Try it -> Word for word, please copy the listing below, with its pictures left out.

Data excerpts ->
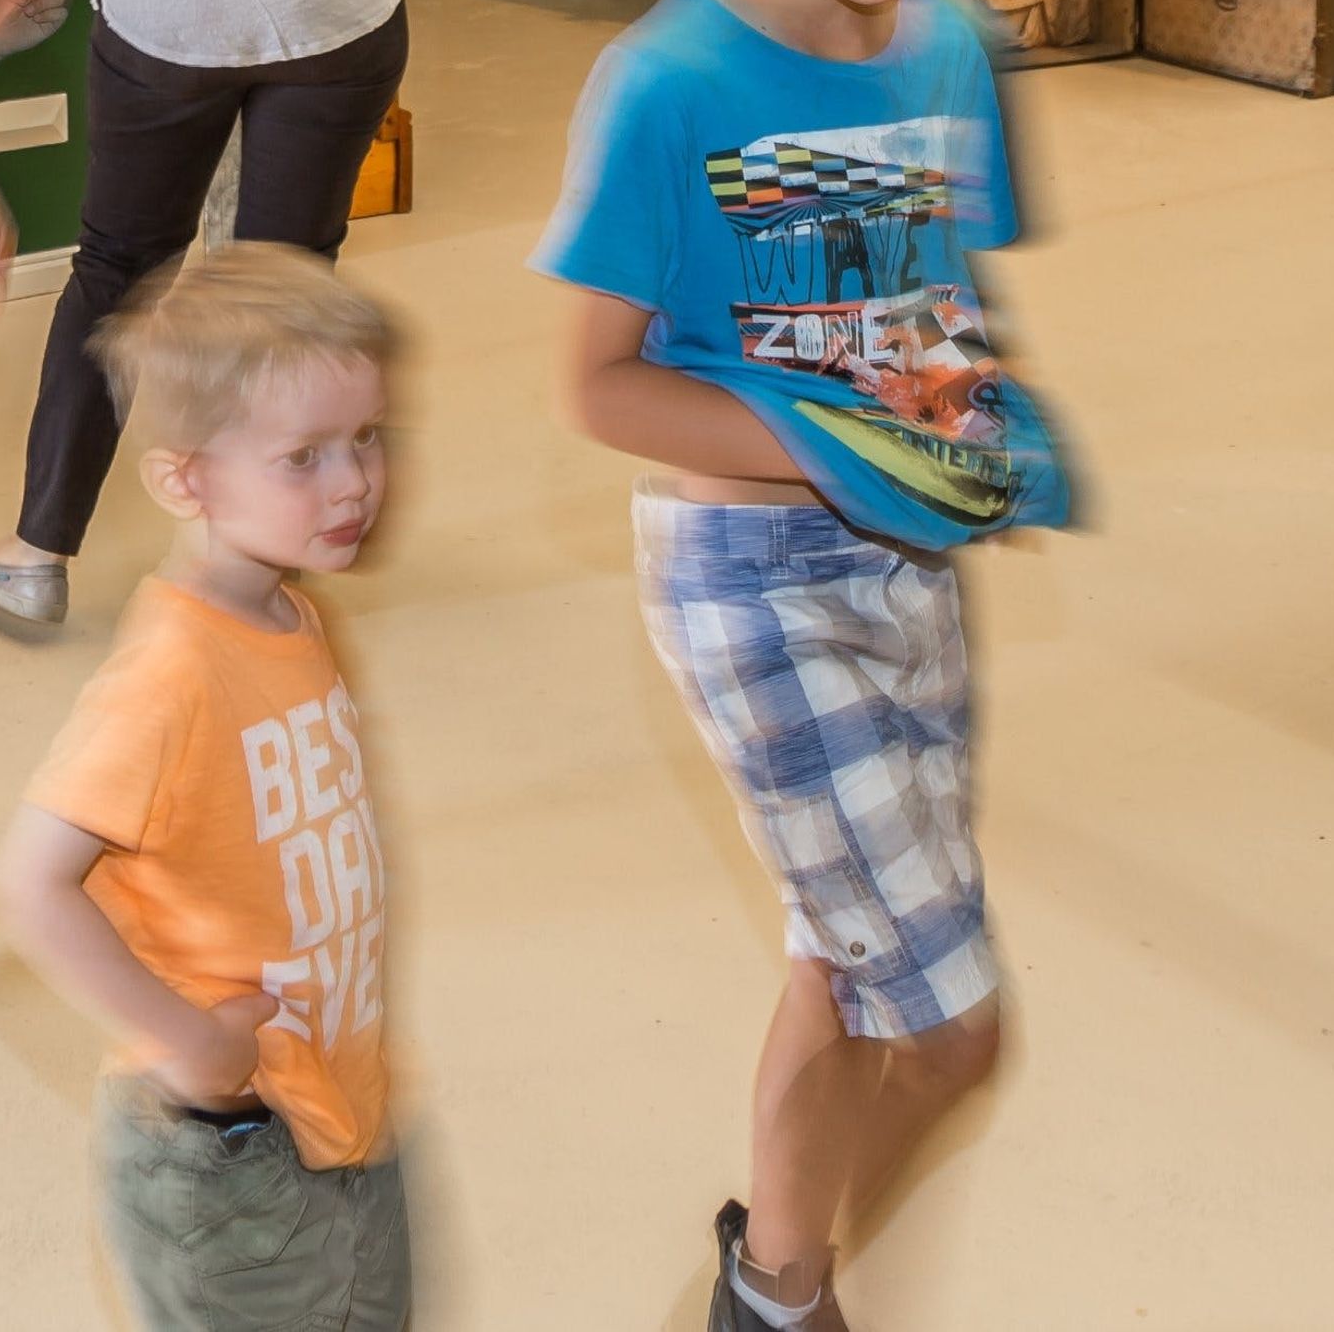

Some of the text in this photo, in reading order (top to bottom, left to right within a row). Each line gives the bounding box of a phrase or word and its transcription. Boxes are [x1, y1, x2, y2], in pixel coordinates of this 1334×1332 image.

[733, 211, 931, 306] WAVE
[751, 311, 895, 364] ZONE
[241, 674, 363, 844] BES
[261, 912, 383, 1052] EVE
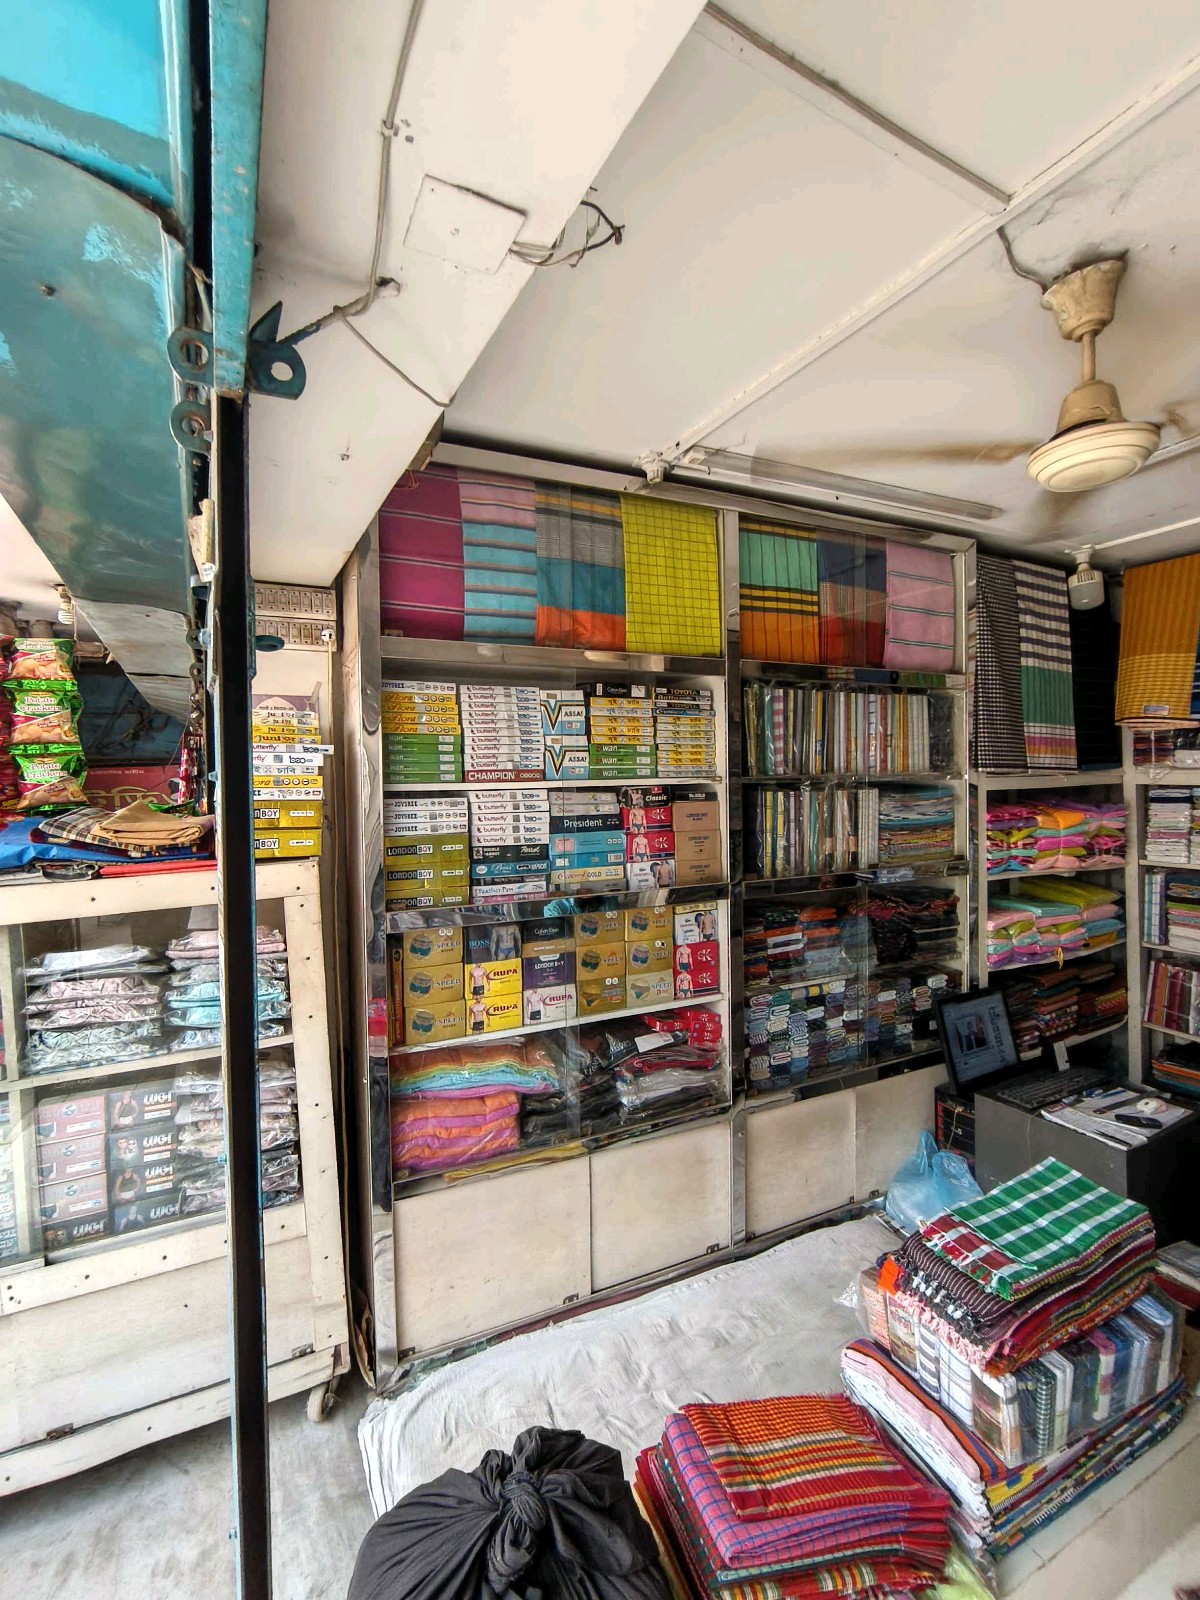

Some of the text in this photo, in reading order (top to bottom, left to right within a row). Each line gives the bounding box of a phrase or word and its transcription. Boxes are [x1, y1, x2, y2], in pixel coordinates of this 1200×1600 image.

[472, 685, 495, 693] butterfly
[25, 696, 56, 704] Potato
[19, 704, 62, 712] Crackers
[474, 702, 497, 710] butterfly
[475, 711, 497, 719] butterfly
[474, 719, 497, 727] butterfly
[476, 728, 499, 736] butterfly
[477, 737, 501, 745] butterfly
[475, 754, 499, 762] butterfly
[476, 762, 499, 770] butterfly
[26, 770, 68, 779] Crackers
[468, 771, 515, 780] CHAMPION
[482, 792, 505, 800] butterfly
[645, 793, 668, 802] Classic
[484, 803, 507, 811] butterfly
[484, 814, 508, 823] butterfly
[563, 819, 603, 828] President
[483, 826, 507, 834] butterfly
[261, 840, 277, 848] BOY
[483, 836, 507, 844] butterfly
[417, 845, 432, 854] BOY
[418, 870, 432, 878] BOY
[587, 871, 602, 879] GOLD
[478, 887, 502, 895] Feather
[418, 897, 432, 906] BOY
[436, 941, 461, 949] SPEED
[468, 939, 490, 948] BOSS
[493, 968, 518, 977] RUPA
[436, 978, 461, 986] SPEED
[549, 993, 573, 1002] RUPA
[493, 1003, 519, 1013] RUPA
[438, 1016, 463, 1025] SPEED

Response below ->
Some of the text in this photo, in reading order (top to bottom, left to right within a row). Each line gives the bounding box of a phrase or word and its transcription. Boxes are [x1, y1, x2, y2], in pixel coordinates of this 1334×1332 image.

[733, 211, 931, 306] WAVE
[751, 311, 895, 364] ZONE
[241, 674, 363, 844] BES
[261, 912, 383, 1052] EVE

Some of the text in this photo, in reading order (top to bottom, left to right within a row). Each line gives the bounding box of a phrase or word and its transcription. Boxes are [x1, y1, x2, y2], in pixel coordinates of this 1200×1600 image.

[472, 685, 495, 693] butterfly
[25, 696, 56, 704] Potato
[19, 704, 62, 712] Crackers
[474, 702, 497, 710] butterfly
[475, 711, 497, 719] butterfly
[474, 719, 497, 727] butterfly
[476, 728, 499, 736] butterfly
[477, 737, 501, 745] butterfly
[475, 754, 499, 762] butterfly
[476, 762, 499, 770] butterfly
[26, 770, 68, 779] Crackers
[468, 771, 515, 780] CHAMPION
[482, 792, 505, 800] butterfly
[645, 793, 668, 802] Classic
[484, 803, 507, 811] butterfly
[484, 814, 508, 823] butterfly
[563, 819, 603, 828] President
[483, 826, 507, 834] butterfly
[261, 840, 277, 848] BOY
[483, 836, 507, 844] butterfly
[417, 845, 432, 854] BOY
[418, 870, 432, 878] BOY
[587, 871, 602, 879] GOLD
[478, 887, 502, 895] Feather
[418, 897, 432, 906] BOY
[436, 941, 461, 949] SPEED
[468, 939, 490, 948] BOSS
[493, 968, 518, 977] RUPA
[436, 978, 461, 986] SPEED
[549, 993, 573, 1002] RUPA
[493, 1003, 519, 1013] RUPA
[438, 1016, 463, 1025] SPEED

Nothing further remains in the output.